Flowchart of the analysis.

Maturation rate per oocyte (MR, the number of oocyte in MII/the number of oocytes retrieved), fertilization rate per oocyte (FR, the number of zygote with 2 pronuclei/the number of oocytes retrieved) and transferrable embryos rate per oocyte (TER, the number of transferrable embryos/the number of oocytes retrieved) were calculated to measure the quality and developmental potential of oocytes retrieved in unstimulated natural cycles.

Clinical pregnancy was defined as the ultrasound visualization of at least one gestational sac on 30 days after ET. Live birth was defined as the delivery of at least one newborn, irrespective of the gestation (Song et al., 2020). Clinical outcomes of embryo transfer cycles were measured by clinical pregnancy rate per cycle (CPR, the number of cycles achieving clinical pregnancy/the number of embryo transfer cycles), cumulative clinical pregnancy rate (CCPR, the number of patients achieving clinical pregnancy/the number of patients undergoing at least one embryo transfer cycle), live birth rate per cycle (LBR, the number of cycles achieving live birth/the number of embryo transfer cycles), cumulative live birth rate (CLBR, the number of patients achieving live birth/the number of patients undergoing at least one embryo transfer cycle).
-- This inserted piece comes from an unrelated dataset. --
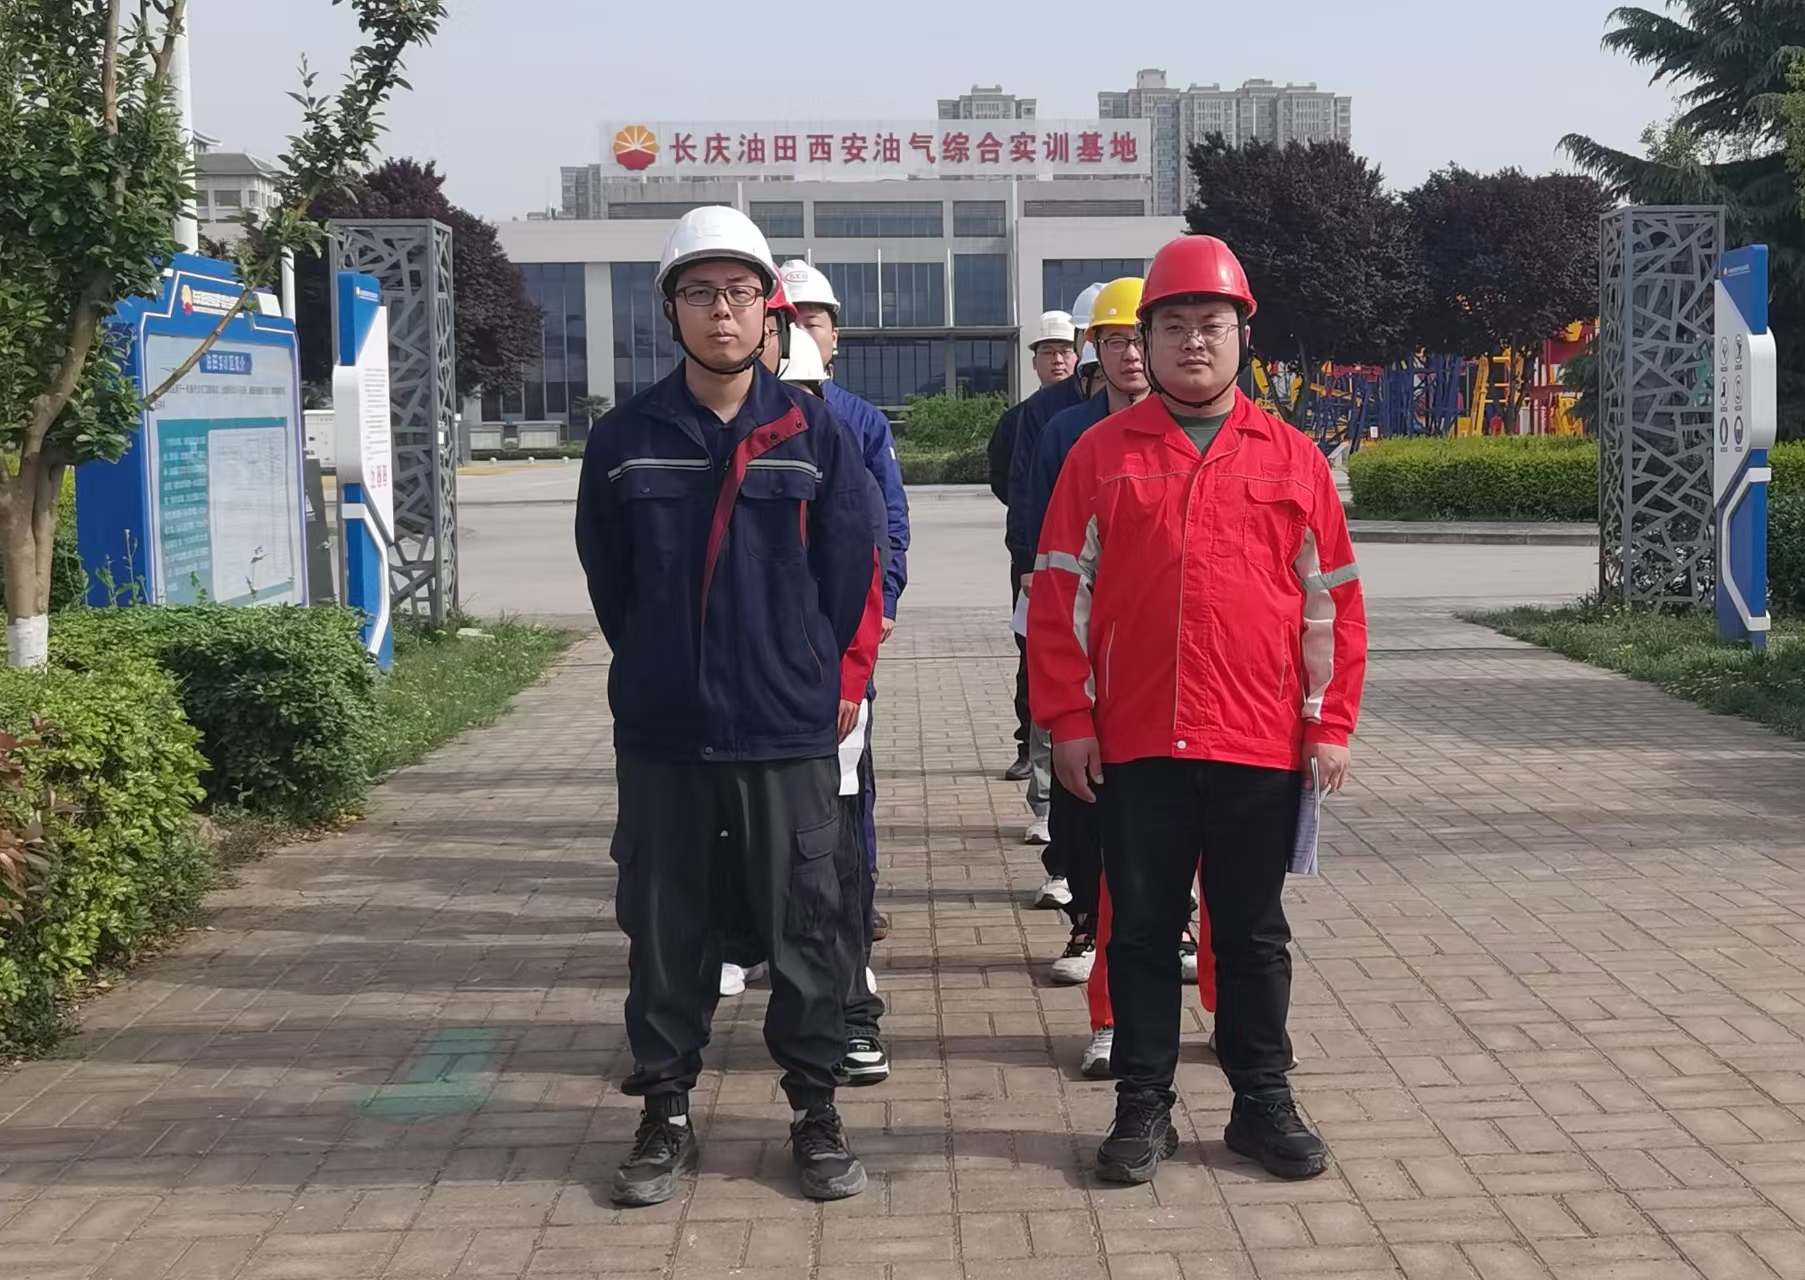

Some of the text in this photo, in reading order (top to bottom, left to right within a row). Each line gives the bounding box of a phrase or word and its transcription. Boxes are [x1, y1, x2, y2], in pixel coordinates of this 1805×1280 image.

[669, 132, 1139, 165] 长庆油田西安油气综合实训基地
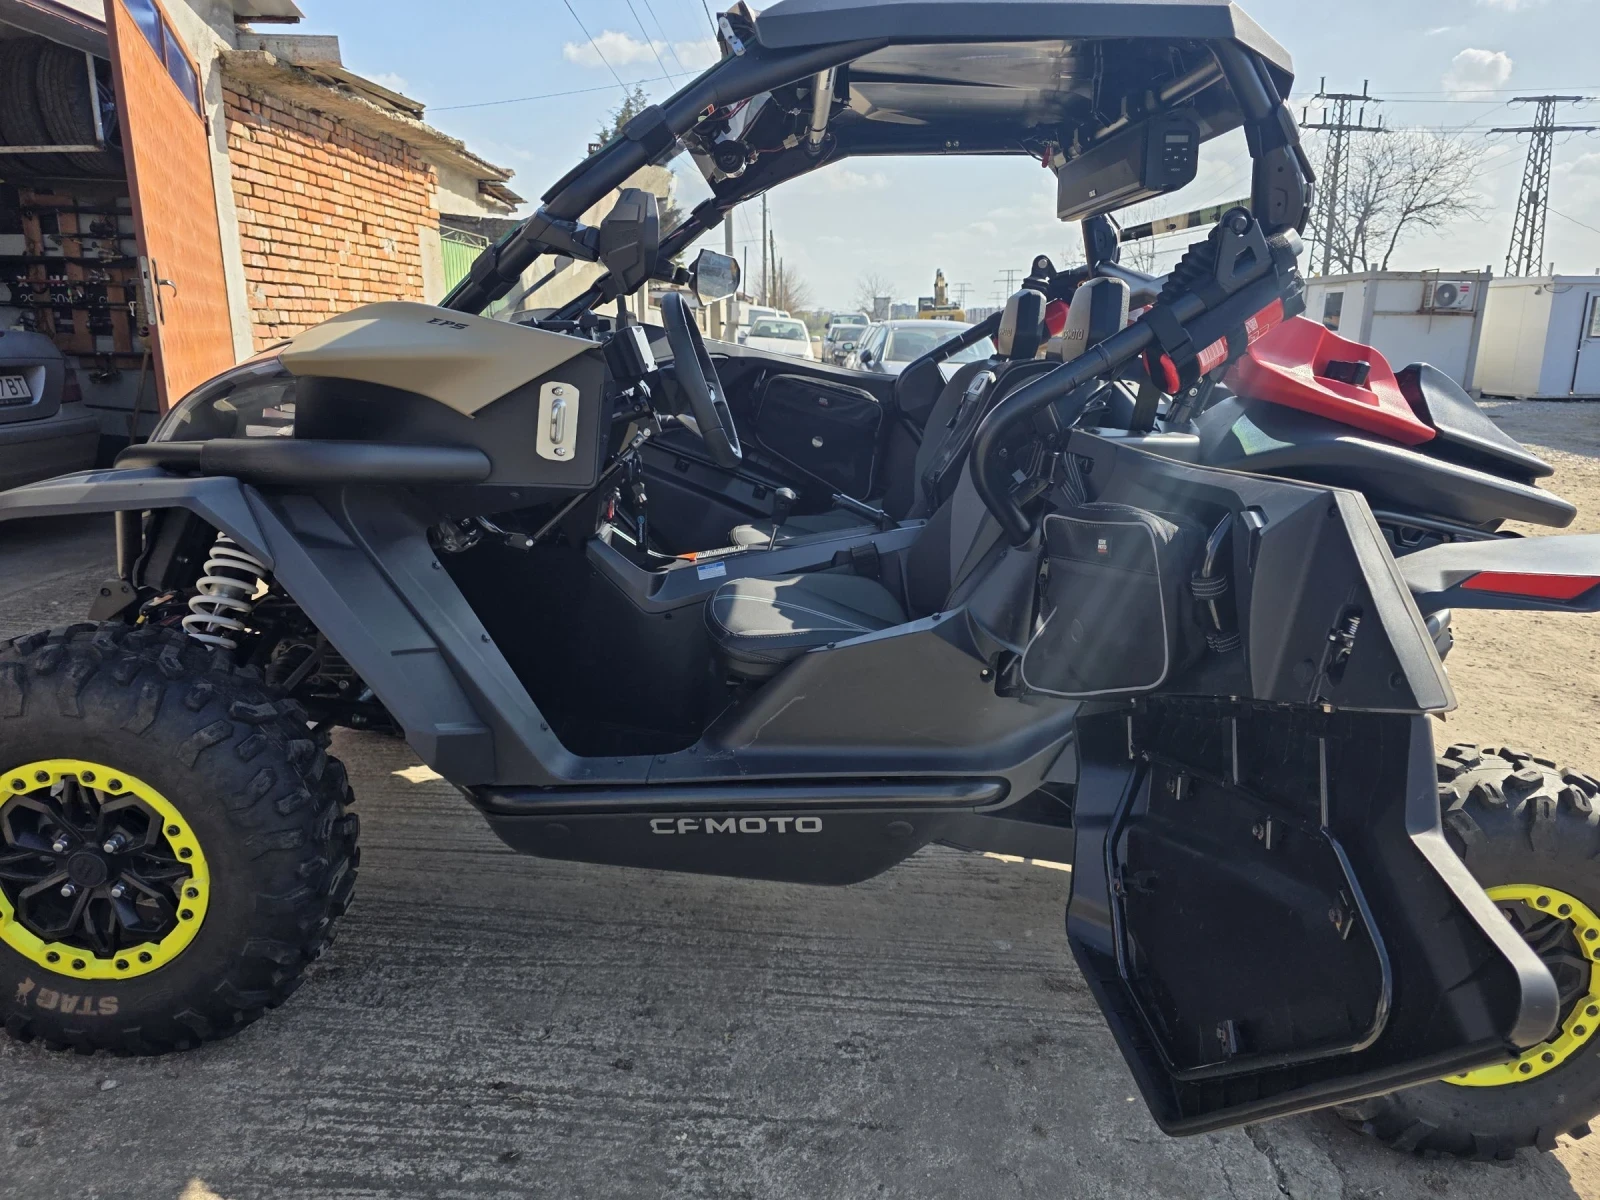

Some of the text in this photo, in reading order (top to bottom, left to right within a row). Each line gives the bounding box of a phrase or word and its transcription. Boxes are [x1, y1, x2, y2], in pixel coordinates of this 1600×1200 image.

In addition, FSH, LH and testosterone (T) were tested between the second and fifth day of menstruation. Previous ovarian surgery included oophorocystectomy, ovarian drilling surgery and ovarian tumor surgery. Ovarian disorders other than PCOS included ovarian cyst, endometrial cyst and teratoma. Antral follicle count (AFC) was the number of antral follicles detected by ultrasound before oocyte retrieval.

Statistical Analysis

All results are presented as median (quartile 1 and quartile 3) or number (percentage). Chi-squared test was applied for the comparison of MR, FR and TER between BMI, TC, TG, HDL-C and LDL-C groups. Possion log-linear model was applied for number of oocytes retrieved analysis and logistic regression model for clinical pregnancy and live birth analysis. Models were constructed with BMI, TC, TG, HDL-C or LDL-C as independent variable, respectively. Unadjusted odds ratios (OR) (95% confidence intervals, 95% CIs) were calculated by univariate Poisson log-linear models and adjusted OR (95% CIs) by multivariate Poisson log-linear models after adjustment for age, infertility types, infertility duration, FSH, LH, T, ovarian surgery and ovarian disorders other than PCOS. OR (95% CIs) in logistic regression models for CPR and LBR were adjusted for age, infertility types, infertility duration, embryo types, number of embryos transferred, male factor and endometrium thickness, and OR (95% CIs) for CCPR and CLBR were adjusted for age, infertility types, infertility duration, number of embryos transferred per cycle, number of embryo transfer cycles, male factor and endometrium thickness per cycle. Statistical significance was set at a probability (P) value < 0.05. Data analysis was conducted using SPSS 22.0.

Results

In this study, 230 patients did not have transferrable embryos, so embryo transfer was canceled. A total of 344 embryo transfer cycles from 282 patients including 51 with at least 2 transfer cycles, were included to analyze the relationship between lipid metabolism and clinical outcomes.

The analysis of clinical pregnancy rate and live birth rate were based on the clinical outcomes of 344 cycles, and cumulative clinical pregnancy rate and cumulative live birth rate were based on 282 patients.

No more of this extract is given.